Sunday, 12 January 2014

At last, Bond can drive recklessly

Did you know that in my county that it's totally not legal for spies to speed even in the case of national security? Yeah, it turns out that when James Bond is driving along in his shiny new Aston Martin trying to prevent a bomb, world domination or his own sobriety he has to religiously adhere to our speeding limits or he'll end up on multiple charges of dangerous driving. It's a bit of a let-down, really.

No wonder he goes abroad so much. It's the only place he was allowed to drive fast.
Fortunately, it's been decided that perhaps that a silly idea, and a world where suave spies aren't allowed to recklessly break the speed limit isn't a world worth living in, so they're going to be permitted to speed as much as they like to save the world.

It's also been decided that whilst we're at it, we probably should let, you know, organ transporters, bomb disposal units and mountain rescue units speed as well and the fuck. Bomb disposal units couldn't speed either? They have a literal timer to complete their jobs! Why is that not the title of every article ever? Bloody hell. Right now, at time of writing, and for a near future, bomb disposal units must patiently adhere to every minute road law on the way to something explody and ticking. How isn't my country in ragged ruins by now?
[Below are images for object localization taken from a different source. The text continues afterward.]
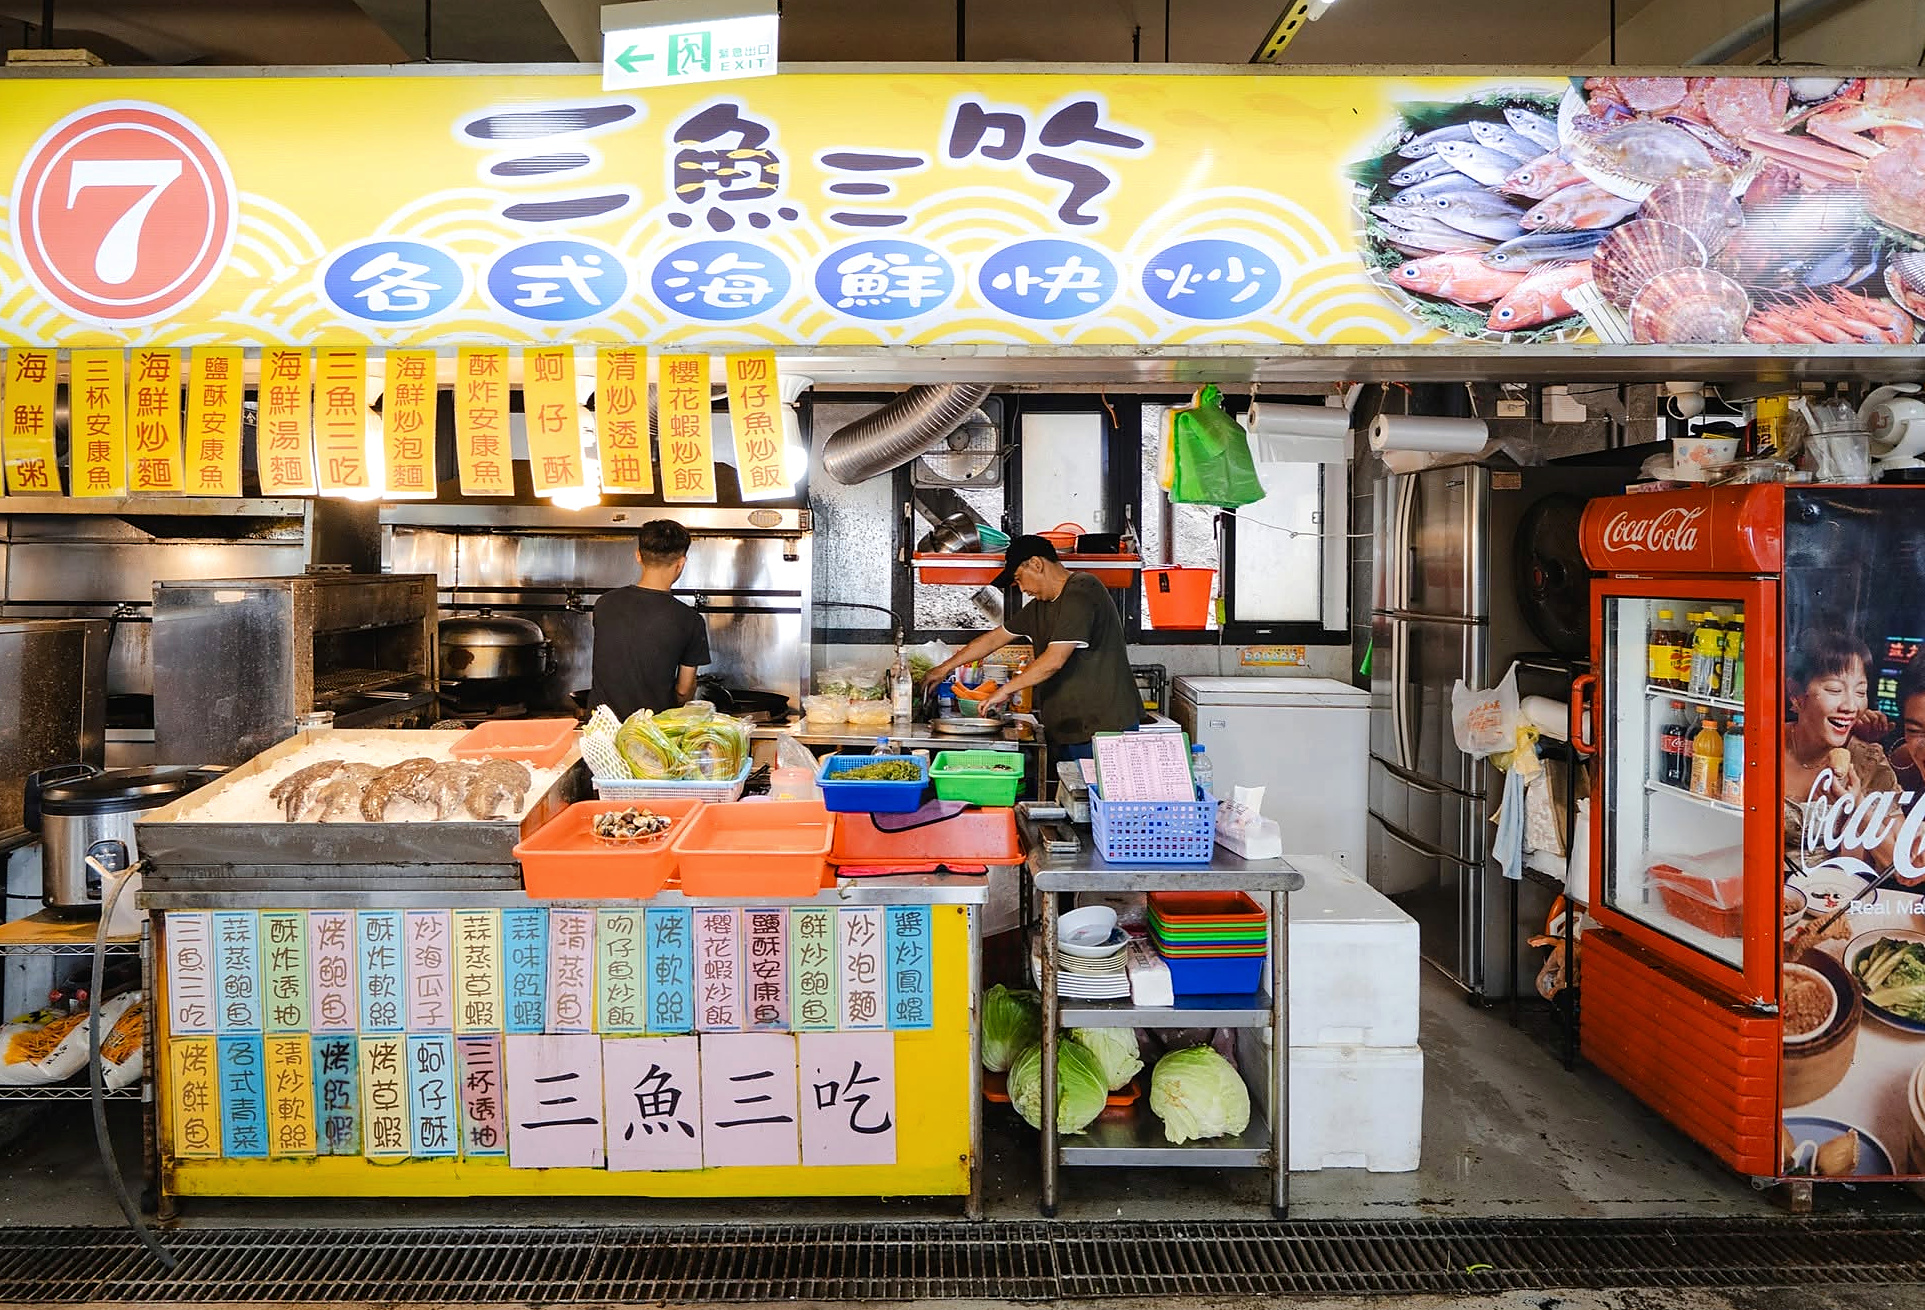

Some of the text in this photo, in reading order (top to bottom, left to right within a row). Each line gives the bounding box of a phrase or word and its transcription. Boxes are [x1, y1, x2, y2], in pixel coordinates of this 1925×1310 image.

[720, 58, 766, 71] EXIT
[66, 159, 183, 285] 7
[463, 101, 1144, 233] 三魚三吃
[350, 251, 1267, 312] 各式海鮮快炒
[13, 352, 48, 488] 海鮮粥
[85, 359, 112, 490] 三杯安康魚
[136, 351, 173, 488] 海鮮炒麵
[200, 357, 229, 490] 鹽酥安康魚
[268, 351, 302, 487] 海鮮湯麵
[326, 352, 363, 487] 三魚三吃
[393, 355, 427, 488] 海鮮炒泡麵
[467, 353, 503, 485] 酥炸安康魚
[534, 352, 575, 485] 蚵仔酥
[606, 351, 641, 484] 清炒透抽
[669, 360, 705, 491] 櫻花蝦炒飯
[737, 358, 782, 488] 吻仔魚炒飯
[1849, 900, 1890, 915] Real
[177, 919, 206, 1027] 三魚三吃
[223, 917, 252, 1027] 蒜蒸鮑魚
[270, 918, 300, 1026] 酥炸透抽
[318, 918, 347, 1025] 烤鮑魚
[366, 917, 397, 1026] 酥炸軟絲
[415, 916, 444, 1026] 炒海瓜子
[463, 916, 493, 1026] 蒜蒸草蝦
[512, 915, 542, 1026] 蒜味紅蝦
[557, 917, 587, 1025] 清蒸魚
[607, 915, 636, 1026] 吻仔魚炒飯
[655, 916, 685, 1025] 烤軟絲
[704, 914, 733, 1025] 櫻花蝦炒飯
[752, 914, 781, 1024] 鹽酥安康魚
[800, 914, 829, 1024] 鮮炒鮑魚
[847, 914, 876, 1022] 炒泡麵
[180, 1044, 210, 1150] 烤鮮魚
[227, 1042, 259, 1150] 各式青菜
[275, 1041, 308, 1149] 清炒軟絲
[321, 1041, 353, 1147] 烤紅蝦
[368, 1042, 402, 1148] 烤草蝦
[418, 1042, 448, 1148] 蚵仔酥
[466, 1042, 497, 1148] 三杯透抽
[520, 1060, 893, 1141] 三魚三吃
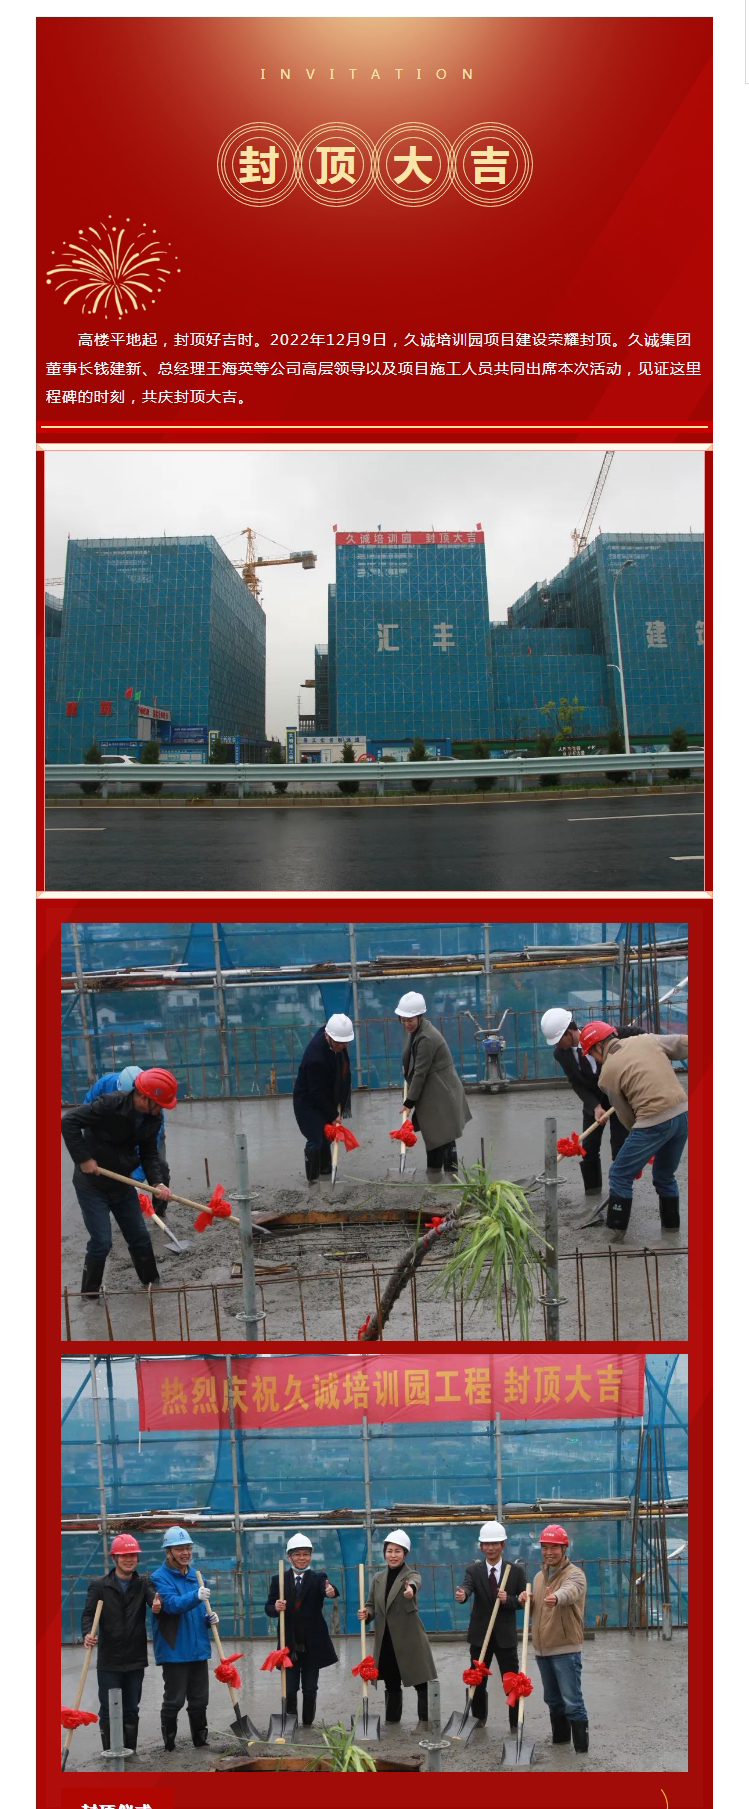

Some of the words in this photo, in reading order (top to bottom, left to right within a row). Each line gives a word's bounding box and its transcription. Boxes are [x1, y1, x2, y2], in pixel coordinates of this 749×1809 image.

[346, 533, 412, 545] 久诚培训园
[425, 532, 477, 544] 封顶大吉
[161, 1367, 492, 1414] 热烈庆祝久诚培训园工程
[504, 1363, 623, 1404] 封顶大吉
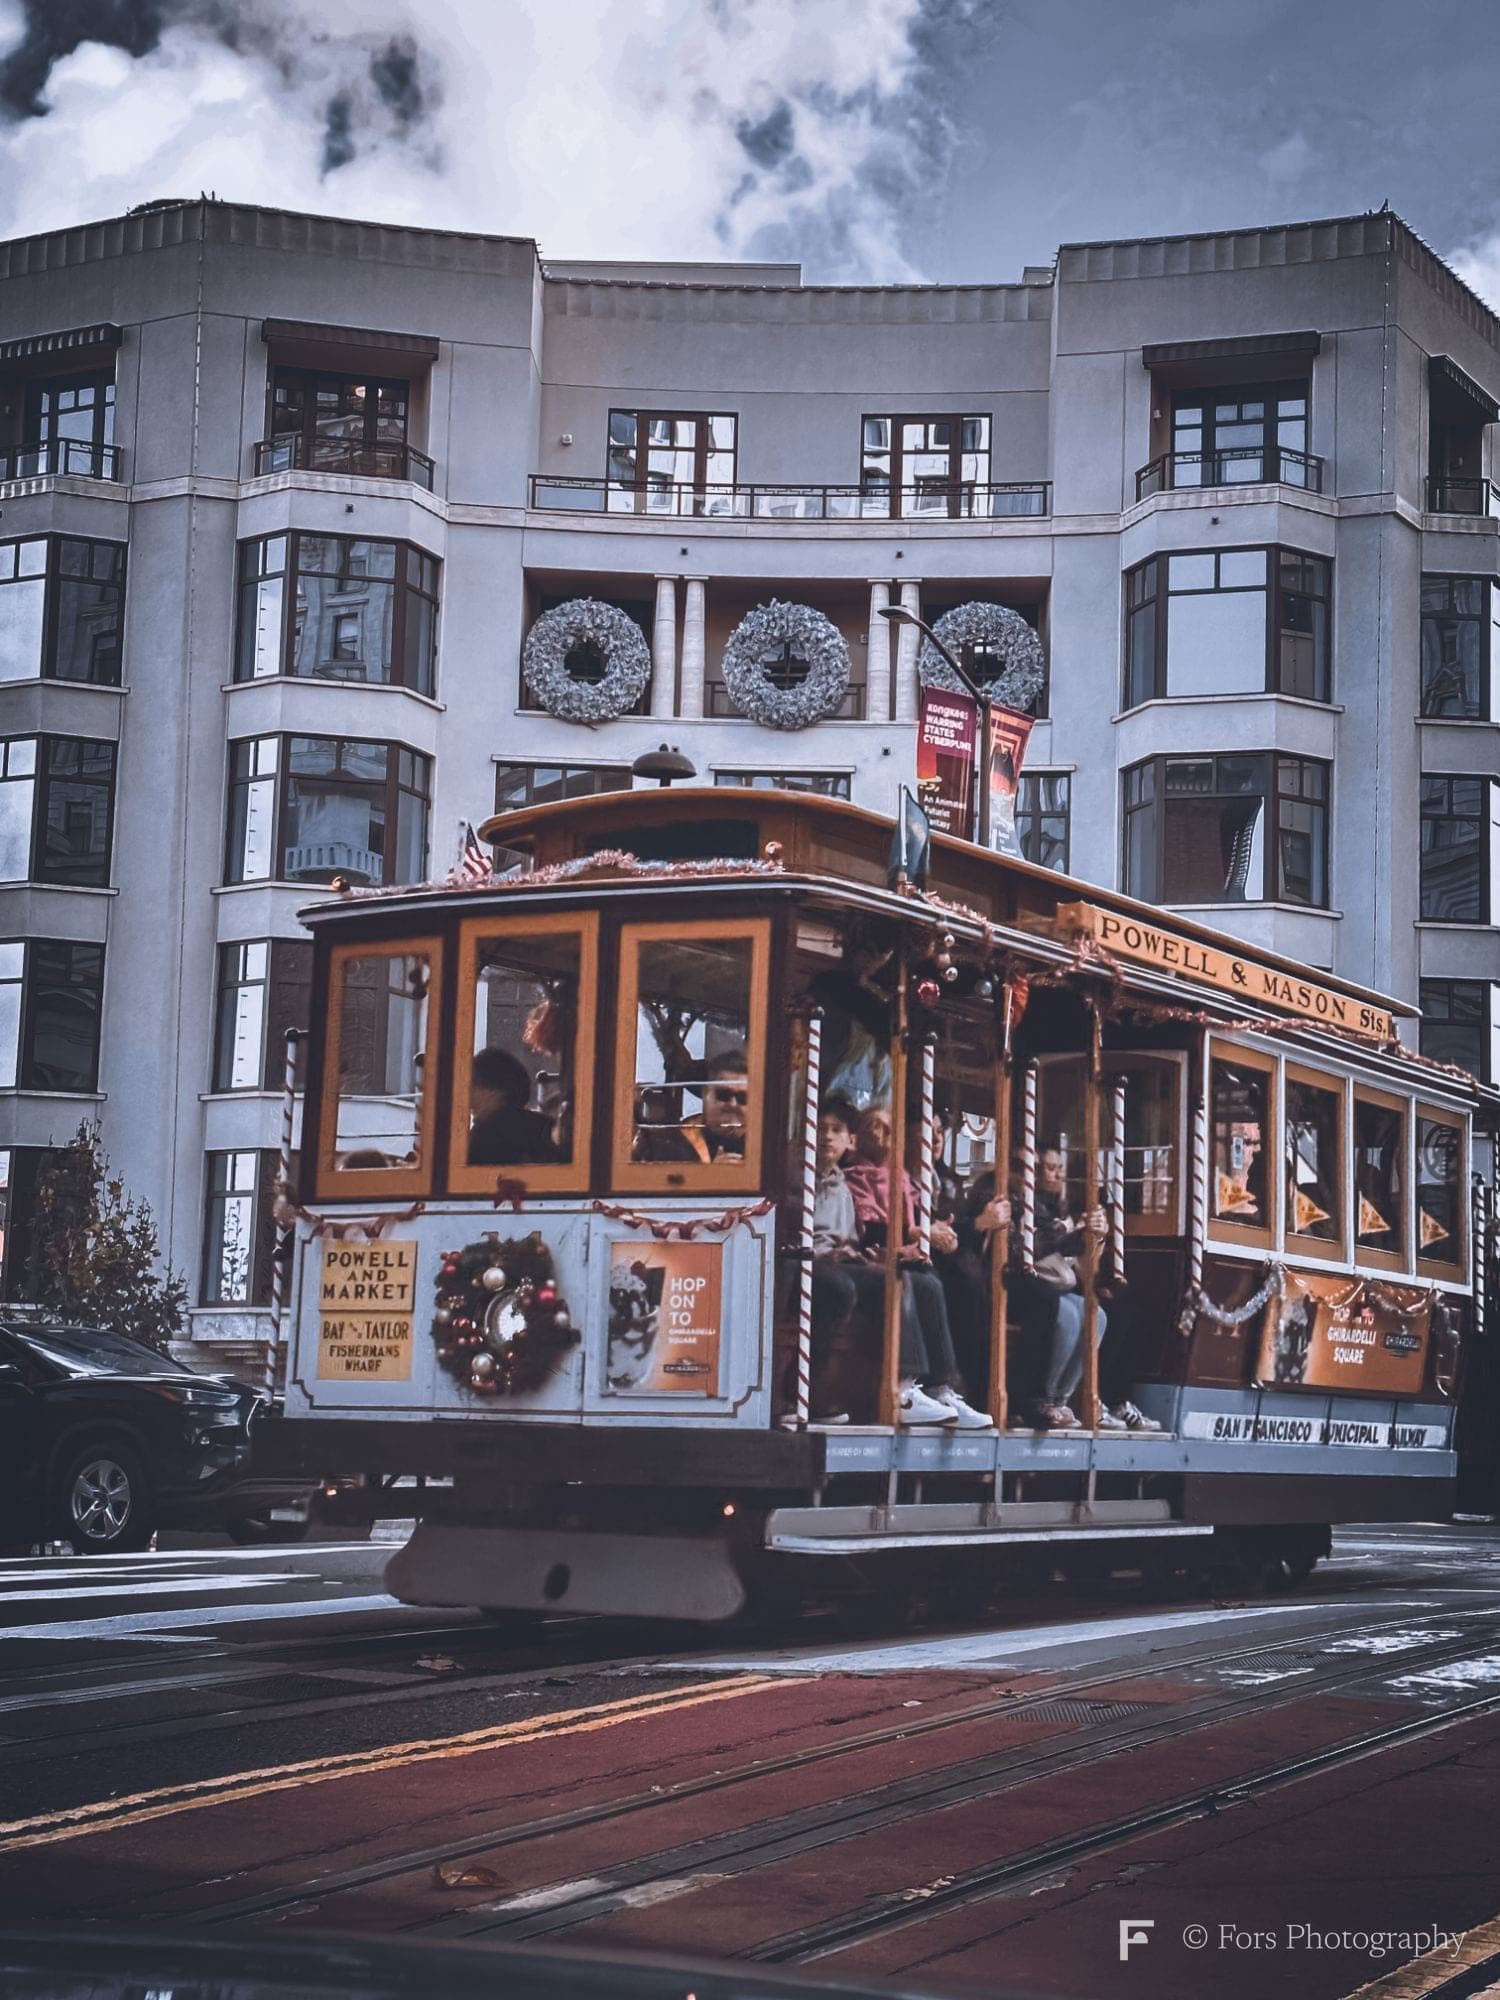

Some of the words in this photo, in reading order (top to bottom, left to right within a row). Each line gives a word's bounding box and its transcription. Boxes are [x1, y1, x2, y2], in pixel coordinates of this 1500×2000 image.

Admittedly, I'm not to sure how much how much of a difference this will make. Sure, this means you can rev it up on the motorways, but many urban areas have an obsession with speed bumps. I. Fucking. Hate. Speed bumps. I'm not a speed freak - if you need to traffic control, I'd rather they use sodding speed cameras because the one thing as speed bump won't do is get the hell out the way of approaching emergency vehicles. Admittedly, cameras won't do that either, but they won't physically block you. Oh, you're half a mile from the hospital? Well, sorry, now it's a extra hour as we carefully go over this speed bumps. Well, we could go faster, but we'd shake your kidneys out of your ears and rip the front off, which is a bit of a downer.

"No NO no NO noo-aw, fuck. That'll grow back, right?"
Now if you excuse me, I must get back to Evil Genius. That game has my soul something bad, and I need to dunk a few enemy agent in my biochemical vats until I forget about the fact that bomb disposal units can't race towards a ticking bomb.